**What the task asks:** Exactly as written, return all the data, leaving its pictures behind.

━━ Data provided

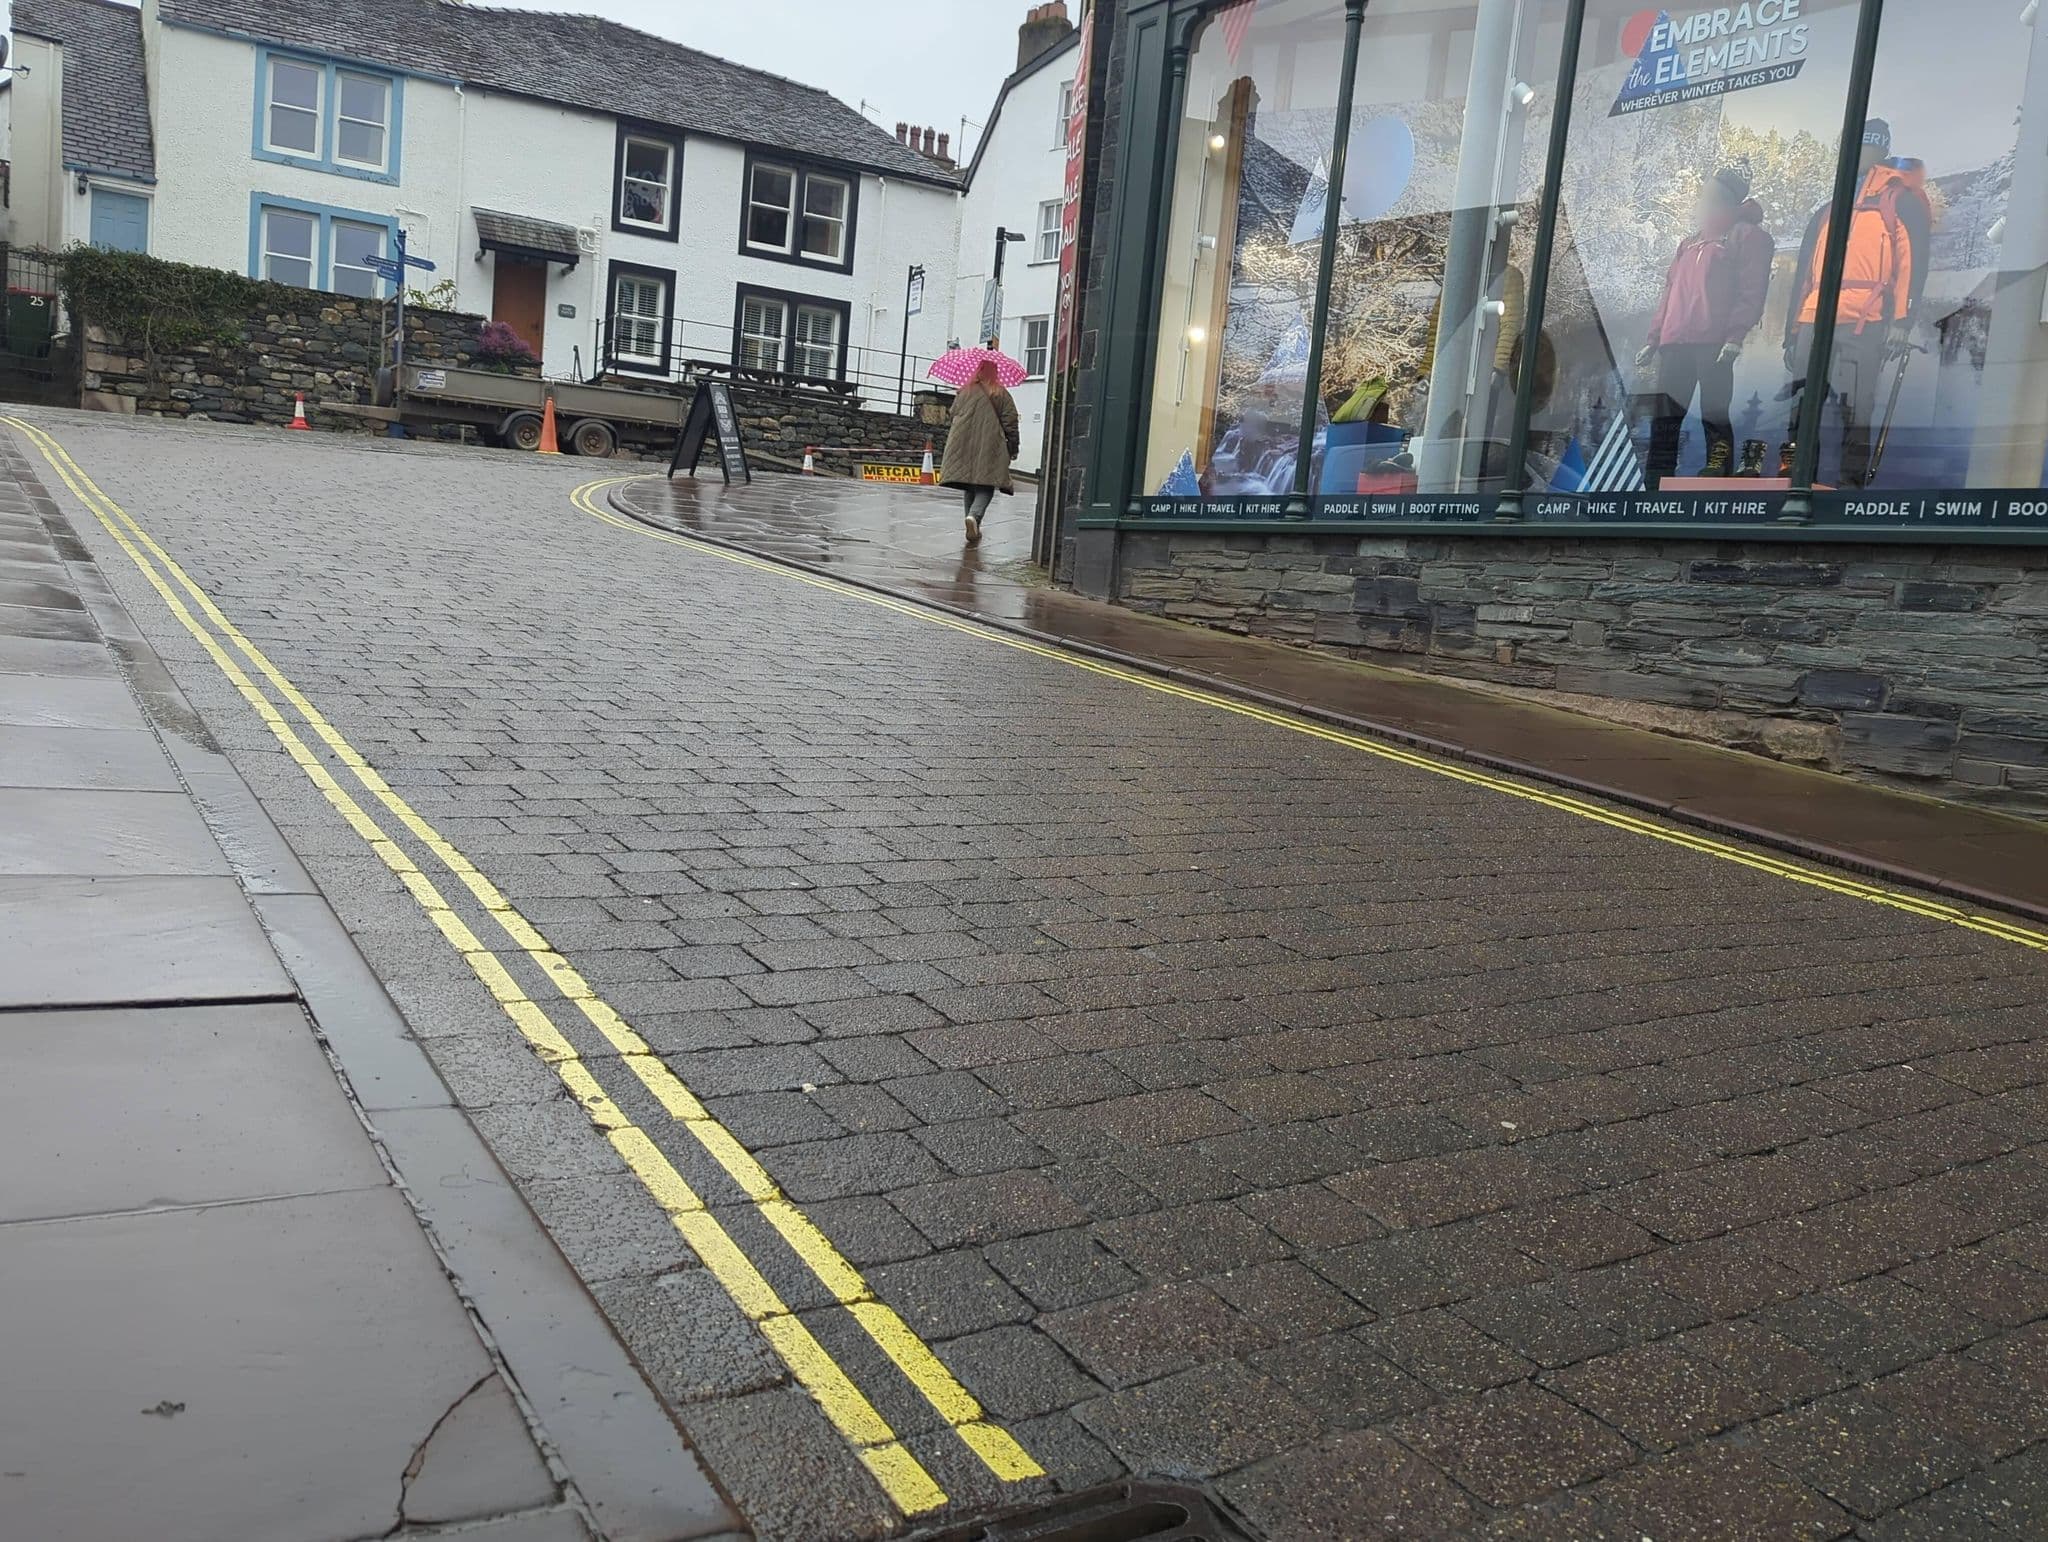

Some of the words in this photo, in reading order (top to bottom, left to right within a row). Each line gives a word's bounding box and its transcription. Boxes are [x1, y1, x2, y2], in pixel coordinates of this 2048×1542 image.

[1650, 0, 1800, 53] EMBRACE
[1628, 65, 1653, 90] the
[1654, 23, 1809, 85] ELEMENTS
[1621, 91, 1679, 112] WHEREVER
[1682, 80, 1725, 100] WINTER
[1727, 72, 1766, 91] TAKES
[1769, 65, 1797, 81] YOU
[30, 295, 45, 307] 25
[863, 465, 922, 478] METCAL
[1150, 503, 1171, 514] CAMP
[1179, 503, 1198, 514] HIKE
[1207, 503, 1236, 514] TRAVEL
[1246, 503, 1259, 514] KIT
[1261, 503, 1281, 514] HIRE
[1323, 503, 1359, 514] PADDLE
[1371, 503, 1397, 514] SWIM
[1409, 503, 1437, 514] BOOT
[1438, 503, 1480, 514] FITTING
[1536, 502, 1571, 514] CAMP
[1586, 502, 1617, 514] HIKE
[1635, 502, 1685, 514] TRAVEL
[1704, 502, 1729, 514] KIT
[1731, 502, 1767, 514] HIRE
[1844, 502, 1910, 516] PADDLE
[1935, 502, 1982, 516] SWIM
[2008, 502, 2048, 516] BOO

━━━━

**Exercise response:**
Some of the words in this photo, in reading order (top to bottom, left to right within a row). Each line gives a word's bounding box and its transcription. Boxes are [x1, y1, x2, y2], in pixel coordinates of this 2048×1542 image.

[1650, 0, 1800, 53] EMBRACE
[1628, 65, 1653, 90] the
[1654, 23, 1809, 85] ELEMENTS
[1621, 91, 1679, 112] WHEREVER
[1682, 80, 1725, 100] WINTER
[1727, 72, 1766, 91] TAKES
[1769, 65, 1797, 81] YOU
[30, 295, 45, 307] 25
[863, 465, 922, 478] METCAL
[1150, 503, 1171, 514] CAMP
[1179, 503, 1198, 514] HIKE
[1207, 503, 1236, 514] TRAVEL
[1246, 503, 1259, 514] KIT
[1261, 503, 1281, 514] HIRE
[1323, 503, 1359, 514] PADDLE
[1371, 503, 1397, 514] SWIM
[1409, 503, 1437, 514] BOOT
[1438, 503, 1480, 514] FITTING
[1536, 502, 1571, 514] CAMP
[1586, 502, 1617, 514] HIKE
[1635, 502, 1685, 514] TRAVEL
[1704, 502, 1729, 514] KIT
[1731, 502, 1767, 514] HIRE
[1844, 502, 1910, 516] PADDLE
[1935, 502, 1982, 516] SWIM
[2008, 502, 2048, 516] BOO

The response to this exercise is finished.